"Había una vez un circo que alegraba siempre el corazón... Pasen a ver el circo". Con esta invitación arranca cada año el ya tradicional espectáculo del colegio Sagrado Corazón, una cita que cumple más de tres décadas y que ha vuelto a llenar de color, música y aplausos el centro pamplonés. Durante los días 25, 26 y 27 de febrero, el colegio deja de ser un centro educativo al uso para convertirse en una auténtica pista circense. Los protagonistas son los más de 75 niños y niñas de 3º de Infantil, que interpretan todo tipo de papeles: abanderados y abanderadas, equilibristas, mimos, magos y magas, bailarines, faquires, malabaristas, gimnastas, payasos y payasas y forzudos y forzudas.

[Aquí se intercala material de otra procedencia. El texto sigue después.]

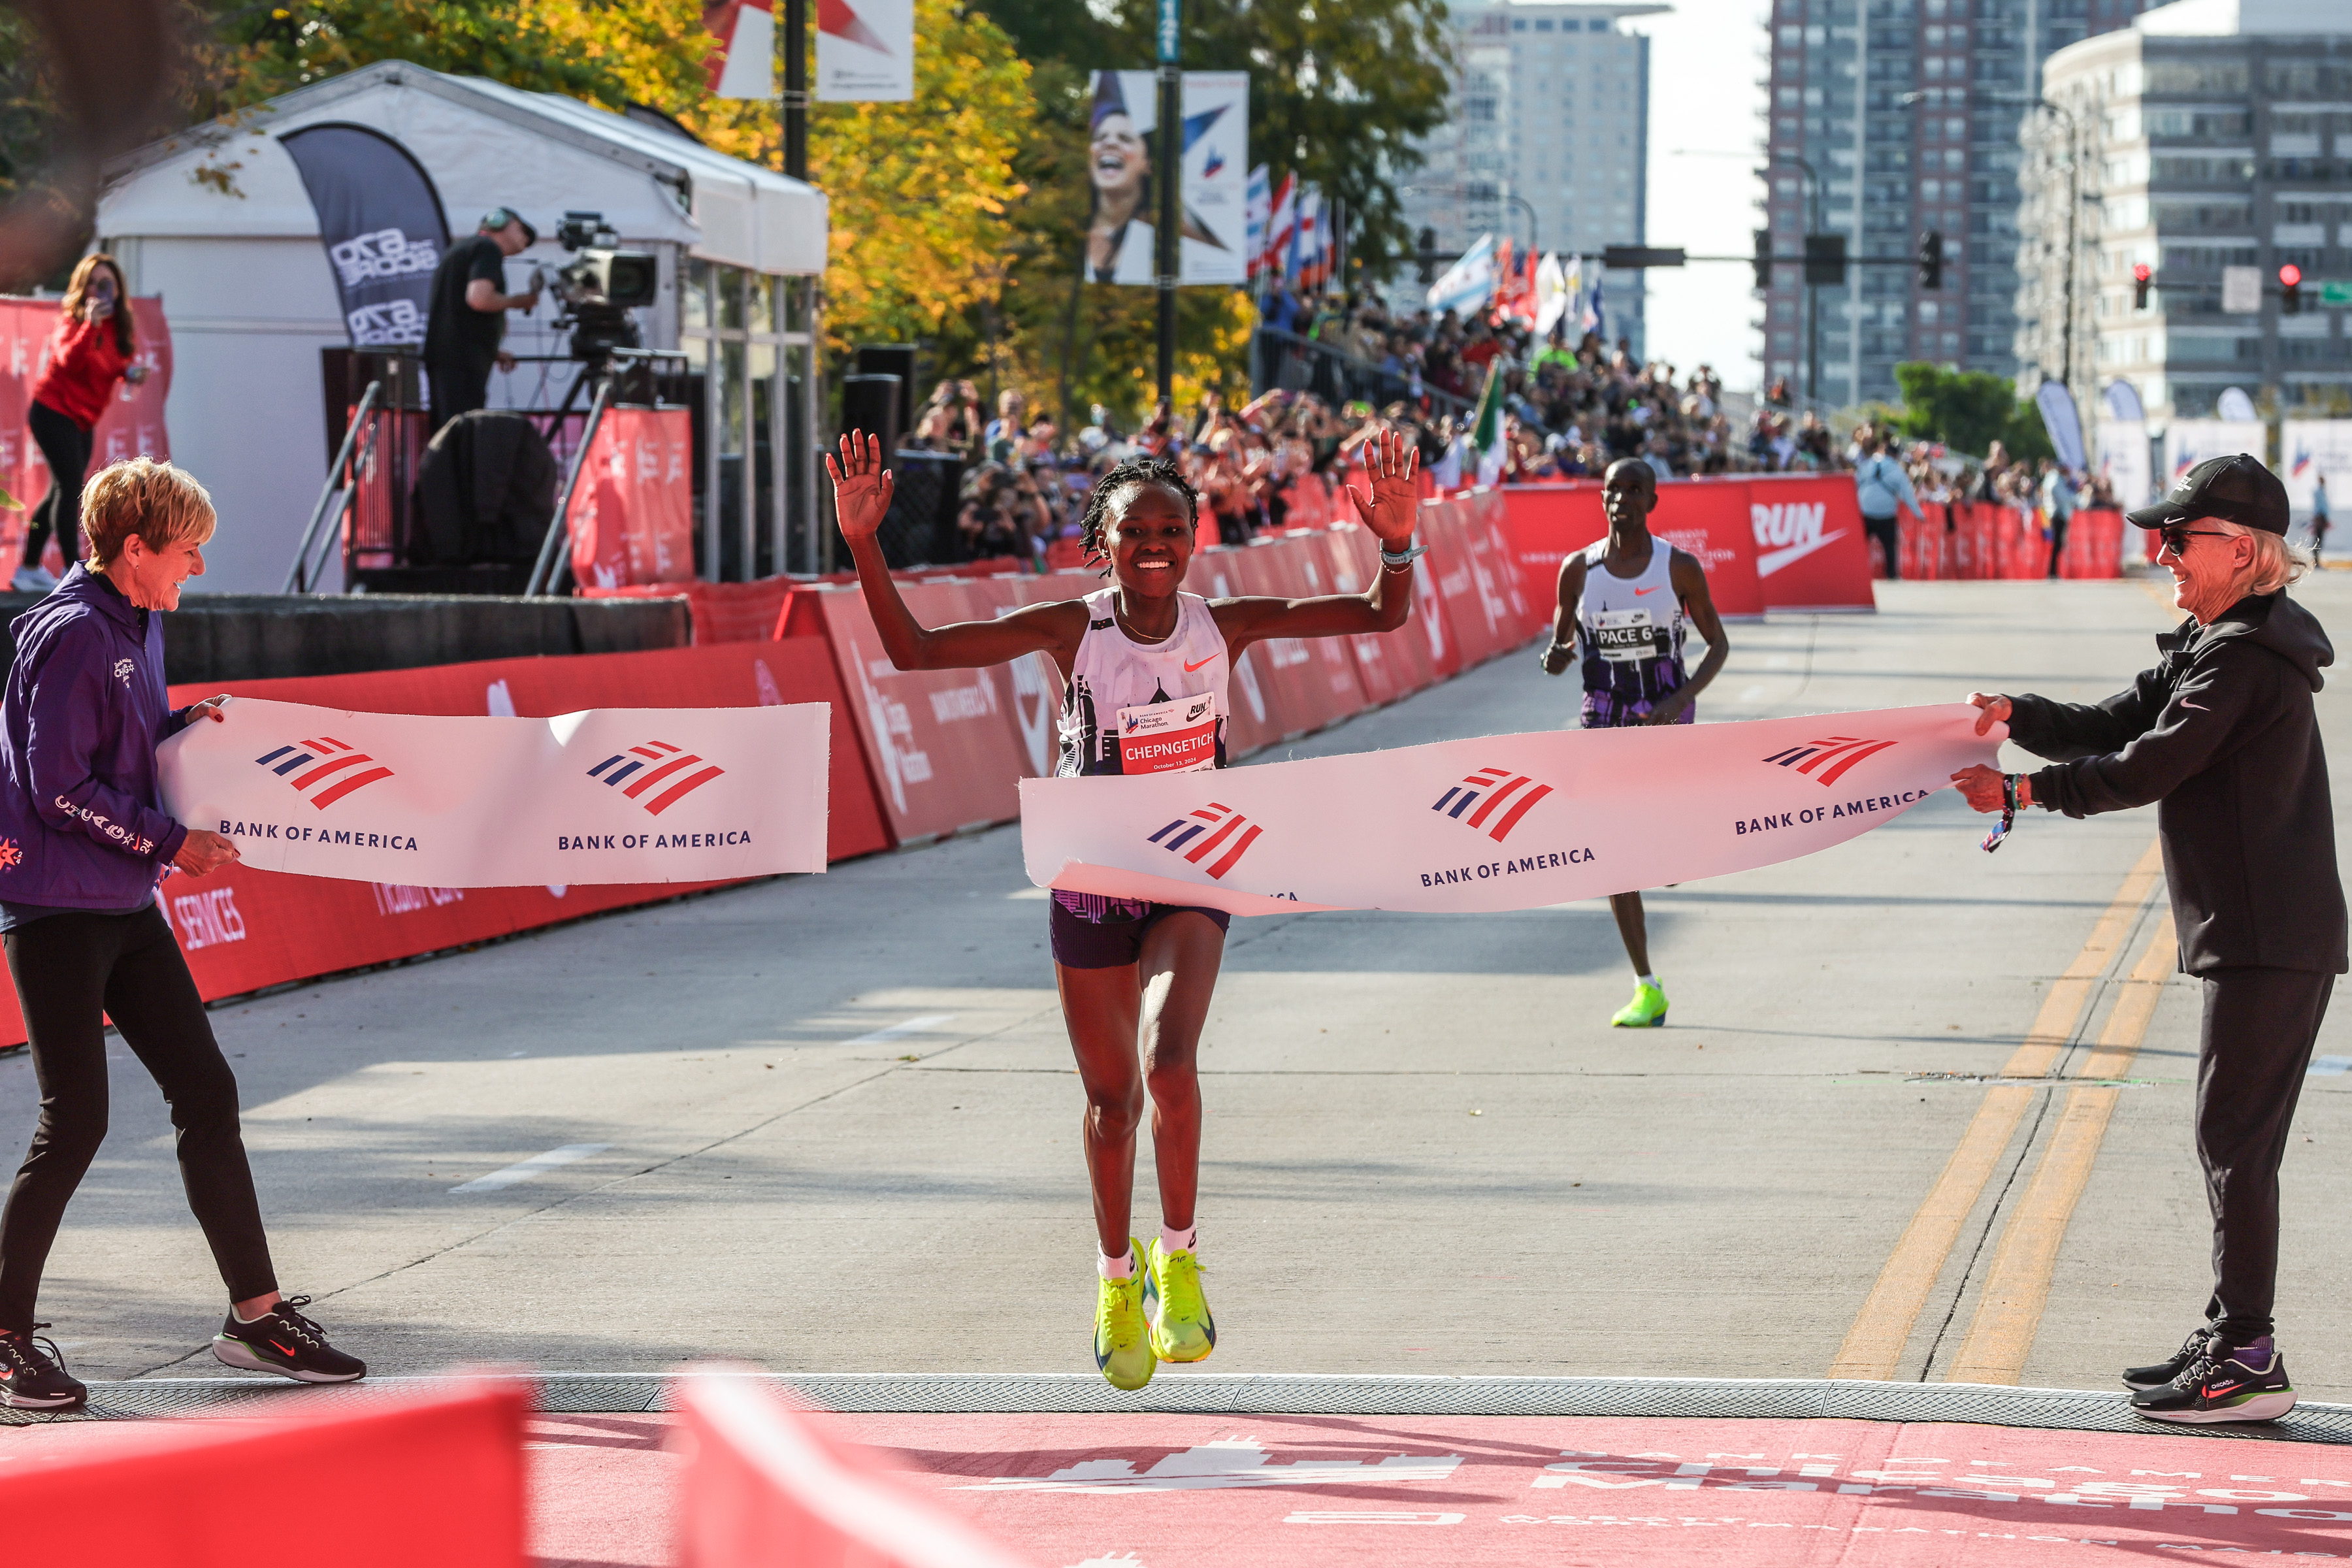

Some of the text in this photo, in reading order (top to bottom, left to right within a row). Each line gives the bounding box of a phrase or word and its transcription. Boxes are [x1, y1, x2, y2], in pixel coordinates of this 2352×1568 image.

[1750, 501, 1827, 548] RUN
[1599, 627, 1653, 644] PACE 6
[1190, 702, 1207, 715] RUN
[1126, 730, 1214, 760] CHEPNGETICH
[1735, 789, 1929, 835] BANK OF AMERICA
[140, 838, 154, 855] 24
[220, 819, 418, 851] BANK OF AMERICA
[558, 830, 751, 851] BANK OF AMERICA
[1420, 847, 1595, 887] BANK OF AMERICA
[1560, 1450, 1845, 1461] BANK
[1884, 1457, 2015, 1467] OF
[1544, 1462, 2310, 1501] Chicago
[1747, 1522, 2117, 1546] MARATHON
[2155, 1543, 2352, 1559] MAJO

"El circo no es solo una función, es el resultado de un proyecto educativo que se desarrolla durante todo el mes de febrero y que sirve como eje para trabajar distintas competencias", explica Mikel Pilar, uno de los tres tutores de los grupos junto a Amaia Palacios y Edurne Lizoáin. A nivel educativo, el circo se emplea para trabajar aspectos como la expresión corporal y verbal, la constancia y la labor en equipo; luego, todas las áreas del temario se aplican al circo, como el vocabulario en inglés o en lengua castellana. Cada niño y niña asume un papel dentro del espectáculo y aprende a formar parte de un equipo. Además, el escenario se convierte en un espacio para superar nervios y reforzar la autoestima, ya que para muchos es su primera experiencia en público. Unas 250 personas abarrotaron el salón de actos en la función del jueves. "El circo es muy conocido y tanto las familias como los estudiantes lo esperan con muchas ganas e ilusión desde el primer día de clase", asegura el tutor.

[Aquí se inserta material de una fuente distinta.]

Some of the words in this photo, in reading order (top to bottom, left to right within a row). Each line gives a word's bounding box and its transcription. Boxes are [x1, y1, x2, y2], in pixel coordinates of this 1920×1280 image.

Colaboración con otros docentes del centro

En la organización colaboran también otros docentes del centro, como las especialistas de inglés, idioma en el que se desarrolla parte del show. A su vez, quince estudiantes de 1º de Bachillerato se encargan del escenario, la música —que va desde La Macarena hasta Michael Jackson— y el control de accesos. Las familias, por su parte, participan activamente en la elaboración de los trajes. El espectáculo mantiene desde su inicio algunas coreografías base —como el inicio con la música de Los Payasos de la Tele—, pero ha ido adaptándose a los cambios sociales.

"Antes representábamos animales como focas, leones o elefantes, que eran normales en el circo, pero que ahora se han prohibido". "A nivel de género, en la actualidad aparecen forzudas —como Ainhoa escachaplátanos— o gimnastas chicos, que era algo impensable hace no mucho; lo bueno es que los y las chicas lo viven con mucha naturalidad", destaca Mikel Pilar. El proyecto incorpora un enfoque de Aprendizaje y Servicio, donde el alumnado colabora con la ONG Sembrando Sonrisas y participa en la recogida de productos de primera necesidad a través de una simbólica venta de entradas. Asimismo, el espectáculo cuenta con la colaboración del Club de Gimnasia Rítmica Larraona y abre sus puertas a personas de las residencias Amavir y de la red de mayores del Ensanche, reforzando su carácter intergeneracional. Al terminar la función, el centro se vacía, pero permanece la sensación de que la educación puede ser también un escenario de fantasía, magia y compromiso. En el Sagrado Corazón, febrero trae la ilusión del circo desde hace más de 30 años y, a juzgar por los aplausos, la función seguirá teniendo una larga vida.